Don’t Breathe will literally make you hold your breath

There’s a scene in Don’t Breathe that people are going to talk about for a very long time. It’s a rabbit-in-the-stew kind of moment, something as memorable as what Kathy Bates did in Misery. Or maybe the “Is that hair gel?” scene in There’s Something About Mary is a more apt comparison. Either way you slice it, I haven’t seen anything like it since Bone Tomahawk. I guarantee you the scene in question is fueling Don’t Breathe’s runaway word-of-mouth.

You’re either going to love it or you’re going to barf. On the way out the door, I heard just as many people praising the movie as hating on it. But at least the audience was engaged, which is something you can’t say about the endless reboots and remakes and comic book movies.
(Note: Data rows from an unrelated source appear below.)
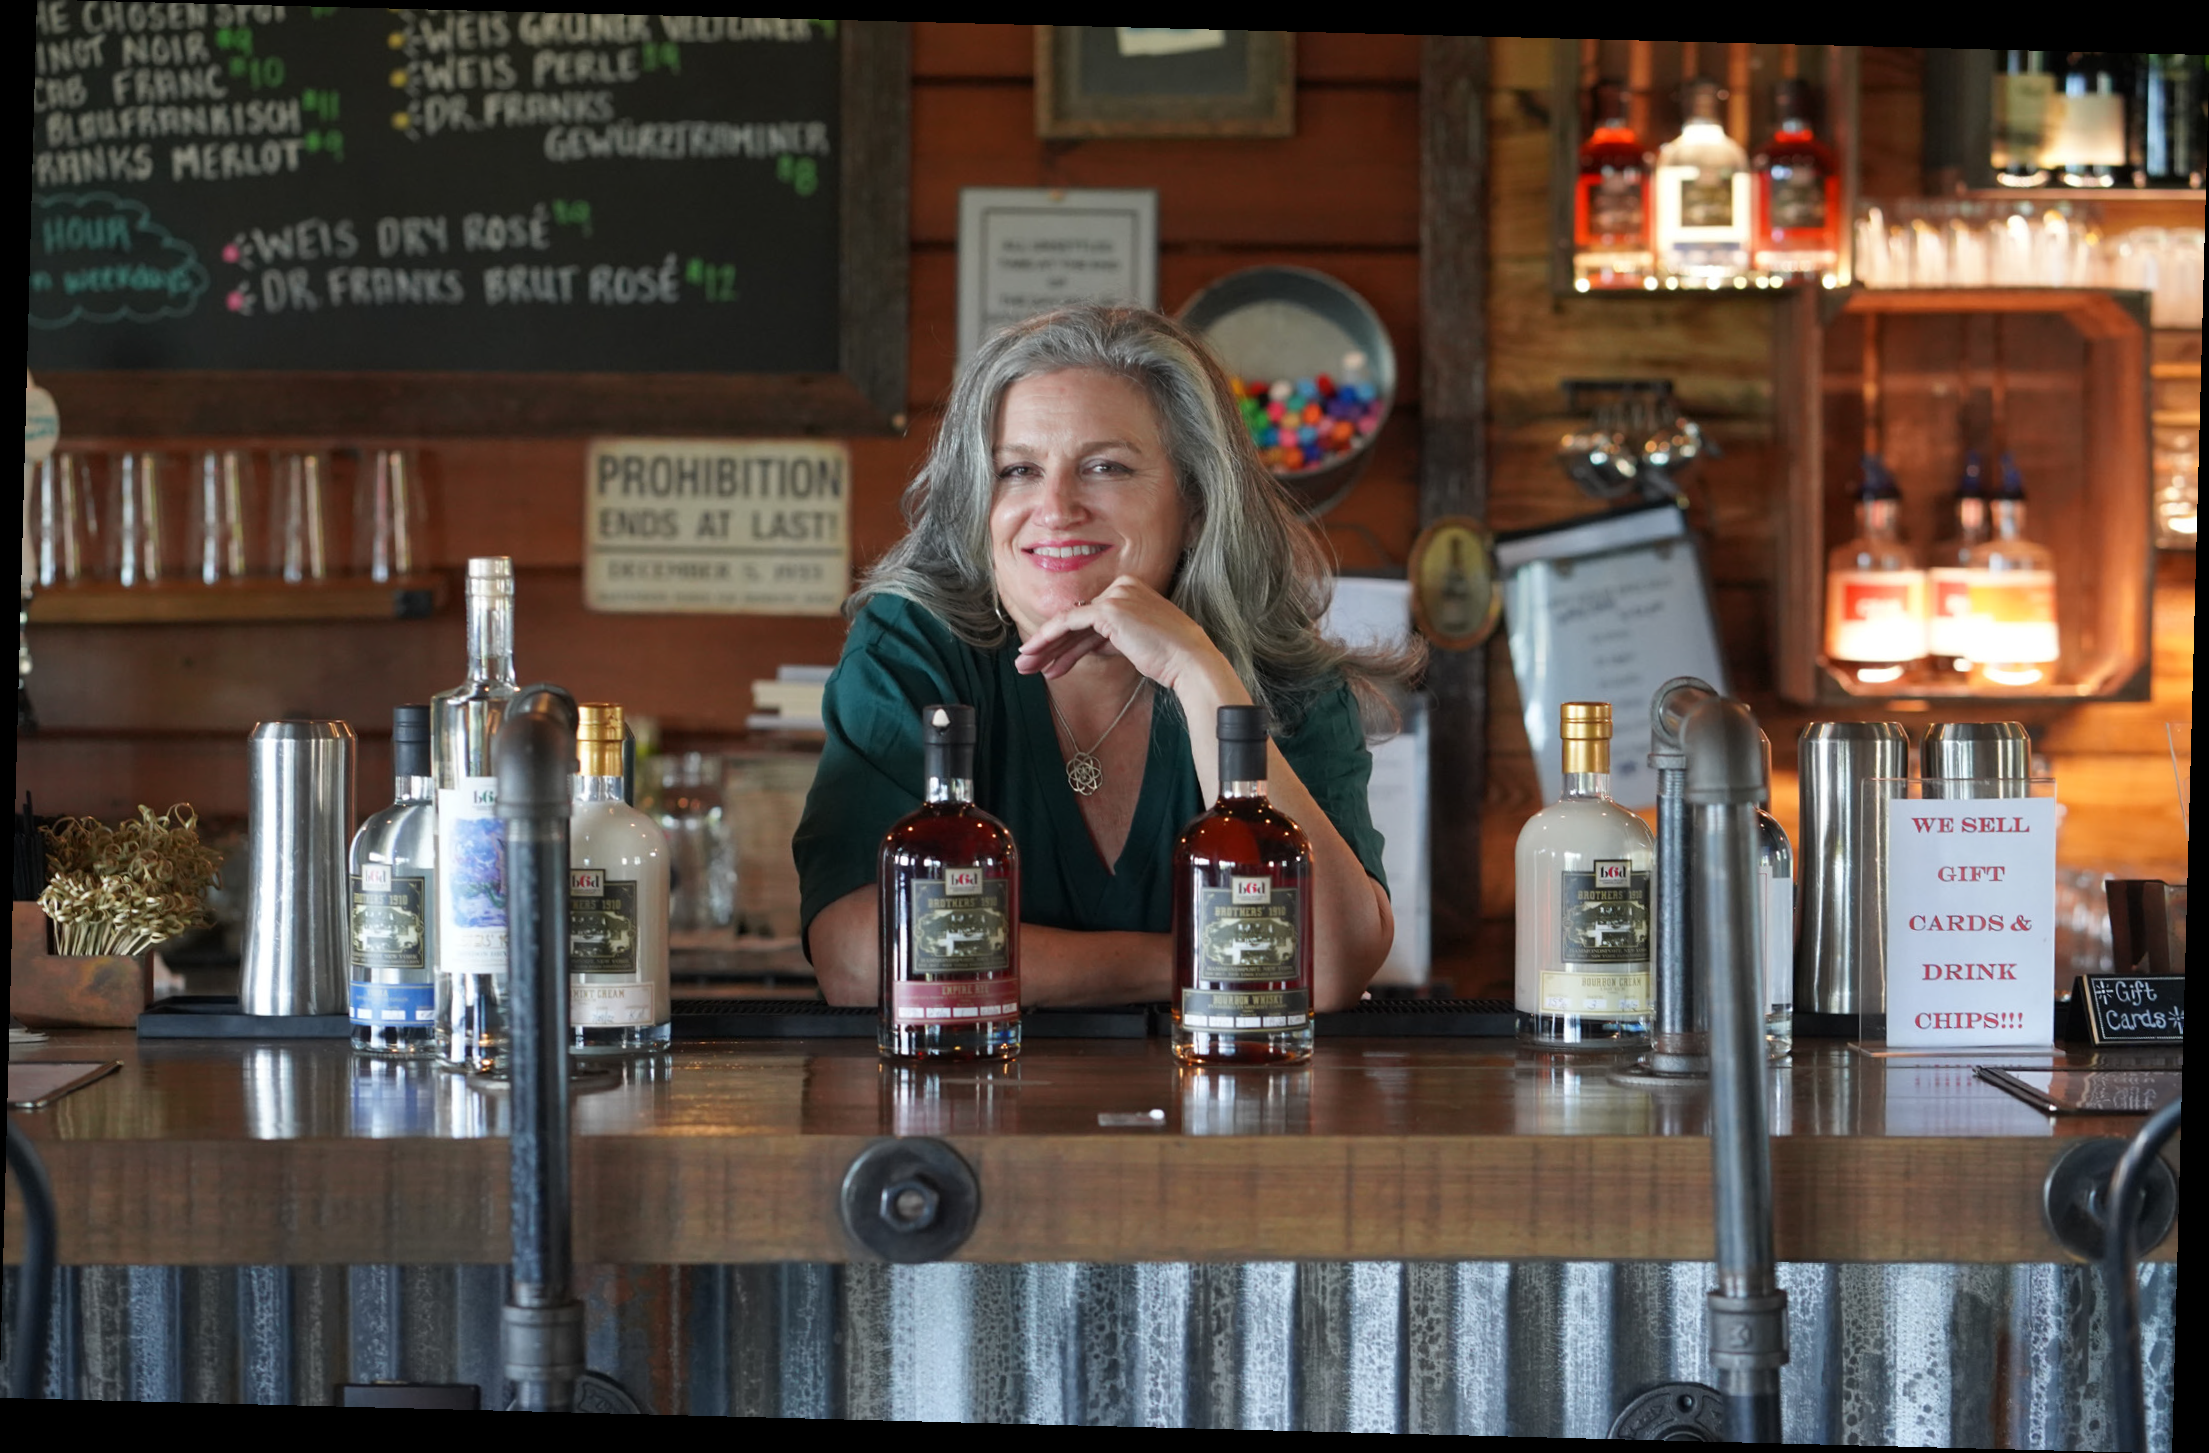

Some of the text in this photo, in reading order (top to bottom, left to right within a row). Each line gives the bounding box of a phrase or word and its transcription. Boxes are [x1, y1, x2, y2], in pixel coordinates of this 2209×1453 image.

[81, 3, 207, 33] CHOSEN
[420, 11, 511, 52] WEIS
[121, 30, 211, 67] NOIR
[422, 52, 517, 91] WEIS
[532, 48, 640, 88] PERLE
[111, 62, 228, 105] FRANC
[482, 91, 616, 129] FRANKS
[171, 137, 305, 182] MERLOT
[42, 214, 132, 254] HOUR
[250, 217, 360, 264] WEIS
[376, 214, 450, 258] DRY
[462, 202, 550, 252] ROSÉ
[326, 265, 465, 307] FRANKS
[482, 263, 580, 306] BRUT
[588, 250, 681, 306] ROSÉ
[598, 455, 843, 498] PROHIBITION
[600, 507, 679, 541] ENDS
[697, 509, 733, 541] AT
[1911, 817, 2030, 833] WE SELL
[1937, 866, 2005, 882] GIFT
[389, 894, 409, 906] 1910
[602, 899, 622, 911] 1910
[1215, 906, 1286, 917] BROTHERS' 1910
[1908, 915, 2032, 932] CARDS &
[1581, 977, 1642, 988] BOURBON CREAM
[1922, 964, 2017, 981] DRINK
[597, 989, 625, 999] CREAM
[942, 984, 990, 996] EMPIRE RYE
[1213, 995, 1249, 1006] BOURBON
[2115, 981, 2157, 1006] Gift
[1914, 1012, 2024, 1029] CHIPS!!!
[2106, 1009, 2167, 1031] Cards
So many of the movies I’ve seen this year evoked little more than a shrug from the viewers as they quietly collected their belongings and shuffled outside. They had come to see a movie, that’s what they saw, and it neither disappointed nor wowed them. This one knows the secret of making a story stick: you can try to please everyone, but nobody ever falls in love with movies that play it safe.

This is something special.

Which isn’t to say I’m in love with Don’t Breathe. As far as thrills go, I thought The Green Room was twice as good and only half as hyped. But this one’s good, too—almost great—and I can see why people are talking about it. I mean… my God… what a great (disgusting) spurt of cinematic ingenuity. The detail and the closeups… holy shit. I just… wow.

Although I wasn’t a fan of Fede Alvarez’s Evil Dead remake, I couldn’t wait to see what the guy made next. (In retrospect, I was too close to the source material to ever enjoy that movie, so it’s not his fault I walked away disappointed). Here’s a serious horror movie which doesn’t comprise on scares. Unlike most of these flicks, this one is quiet—so quiet you can hear a pin drop in the theater—and it’s interesting how quiet the audience gets. You can almost feel the people around you holding their breath, waiting for the next jump-scare. And that’s another interesting creative decision: there actually aren’t a whole lot of jump-scares. Best of all, there’s none of that silly MTV editing, either. It’s just a straightforward horror film that works and you’re not going to see a better movie this weekend.

My biggest complaint is the Rottweiler in the film. That dog is one of the shittiest actors I’ve seen in a long time.